Psychological Warfare (excerpt)

In its first phase the guerilla is shocking, in the way that our first action was shocking: by having people act without being determined by the pressure of the system, without seeing themselves with the eyes of the media, without fear. It is shocking to see people acting on true experience, both their own and of others. The guerilla acts upon facts which people experience every day: exploitation, media terror, insecurity of living conditions despite the great wealth and refined technology in this country - the psychic illnesses, suicides, child abuse, distress within the schools, the housing misery. What shocked the imperialist state about our first action was that the RAF has been perceived in the consciousness of the people as what it really is: the practice, the thing which results logically and dialectically from present conditions. Action returns dignity to the people and meaning to their struggles, enabling people to have a consciousness of their history. Because all history is history of class struggle, people who had lost a sense of the dimensions of revolutionary class struggle are forced to live in a state of no history, deprived of self-consciousness, i.e. its dignity.

In reference to the guerilla, everybody can define for himself where he stands - is able, after all, to see for himself where he is standing, his position in the class society, within imperialism. For many think they are standing on the side of the people - but as the people start to fight, they run off, denounce, step on the brakes, move to the side of the police.
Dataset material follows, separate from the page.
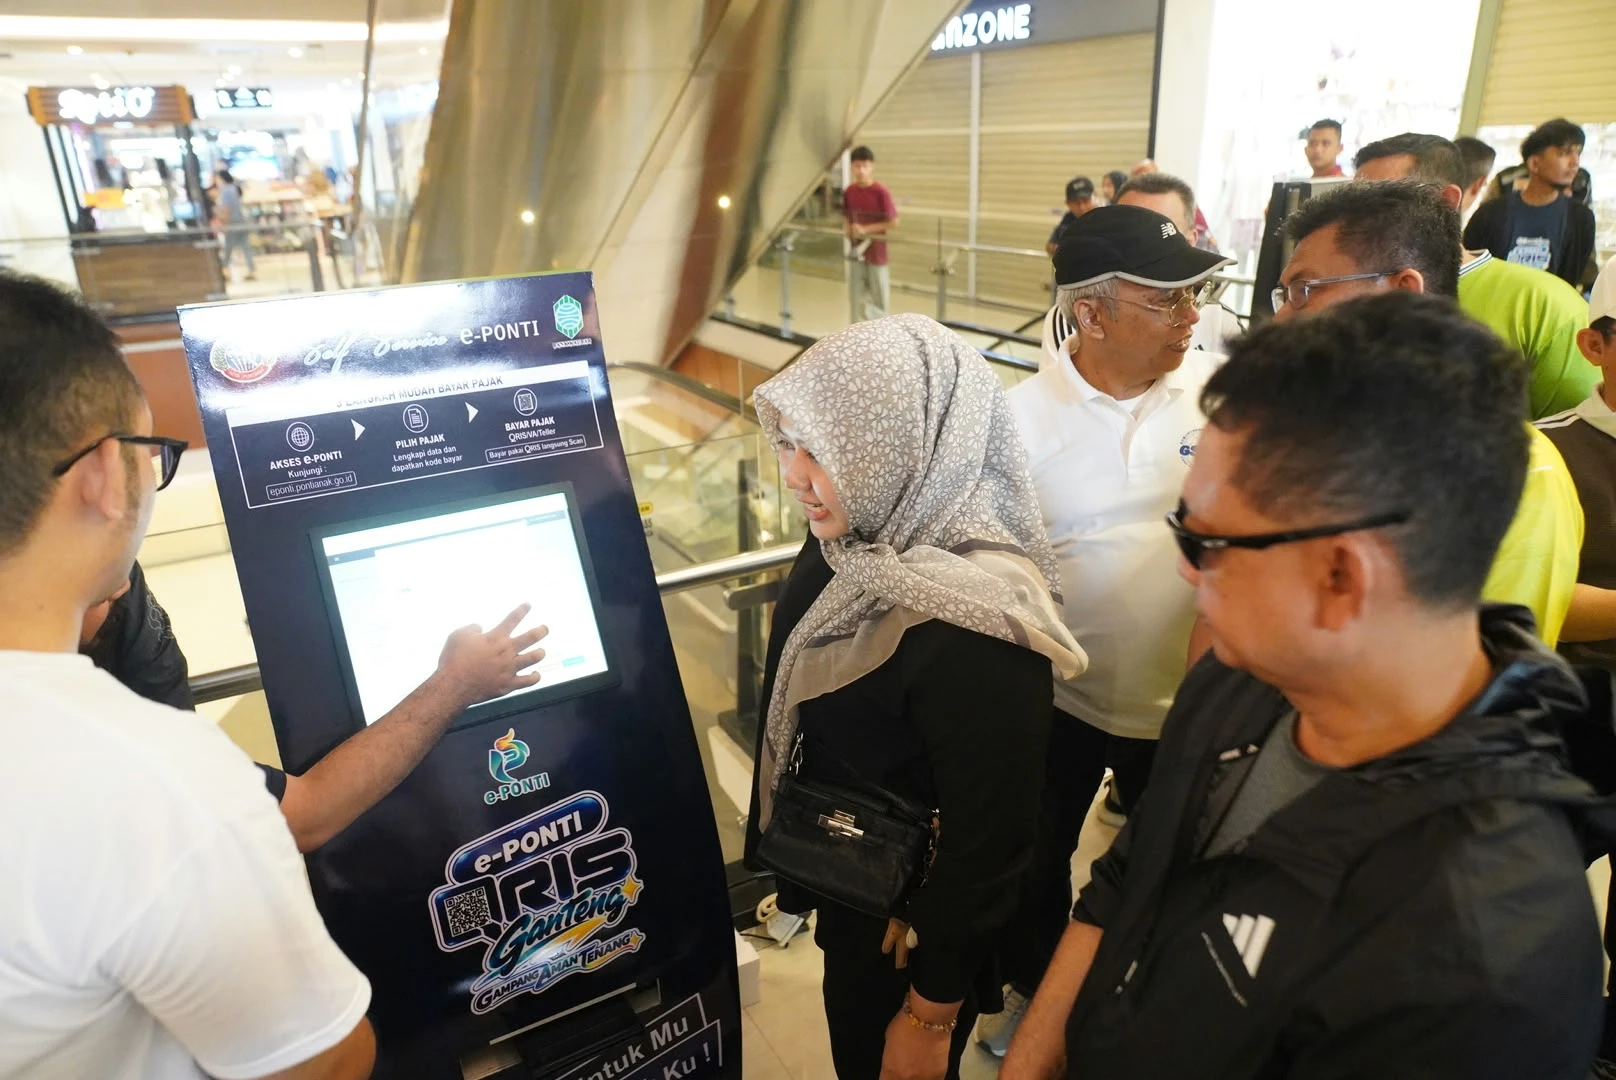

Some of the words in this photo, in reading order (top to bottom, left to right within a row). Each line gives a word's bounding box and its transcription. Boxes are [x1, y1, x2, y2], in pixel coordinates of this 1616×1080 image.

This is the problem which Marx cited endless times, that a person is not what he claims but what his real functions, his role in the class society, defines him as. This is what, unless acting consciously against the system, i.e. taking up arms and fighting, he has been practically instrumentalized to be for the aims of the system.
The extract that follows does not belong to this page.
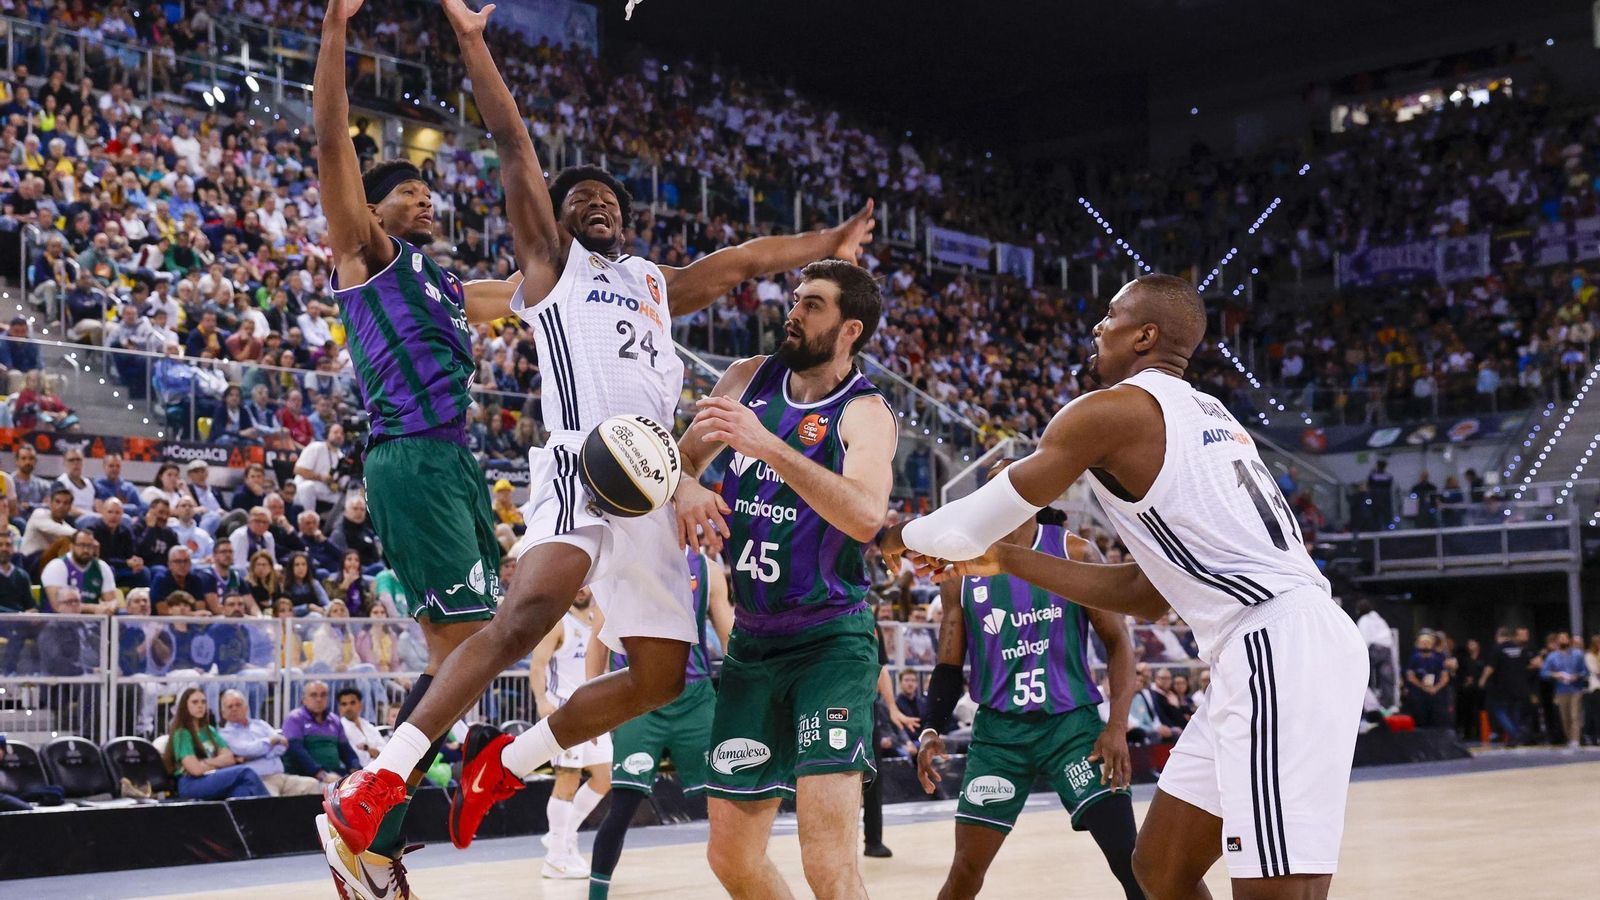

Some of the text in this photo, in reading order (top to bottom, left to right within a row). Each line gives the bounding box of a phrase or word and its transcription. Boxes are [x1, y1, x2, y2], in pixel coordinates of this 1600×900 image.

Letter from a prisoner in the corridor of death

Feeling your head exploding. Feeling your brain on the point of bursting to bits.
Feeling your spine jammed up into your brain and feeling your brain like a dried fruit.
Feeling continuously and unconsciously and like an electric wire.
Feeling as if they've stolen the associations of your ideas.
Feeling the soul piss from your body, as if no longer able to hold water
Feeling your cells move. You open your eyes. The cells move. In the afternoon, when there is sun, it stops suddenly. But it still moves, you cant extricate yourself from that sensation.
Impossible to know if you are trembling from cold or from fever.
Impossible to explain to yourself why you're trembling, why you're freezing. To speak audibly, you must make an effort, must almost howl, as if speaking very loudly.
Feeling yourself becoming numb.
Impossible to recall the meaning of words, except very vaguely.
The whistlings -s, ss, tz, sch-, intolerable tortures.
The warders, the visits, the court celluloid reality
Sick in the head
Flashes.
No longer mastering the construction of grammer, syntax.
If you write - at the end of two lines, impossible to recall the start of the first.
Feeling that you are consumed within.
Feeling that, if you were freed, to tell what it's about would be exactly like throwing boiling water in the mouth of others, scalding them, disfiguring them for life. A mad agressivity without outlet. That's the worst. Being persuaded that you don't have the least chance of dragging yourself out of it: impossible to make that understood.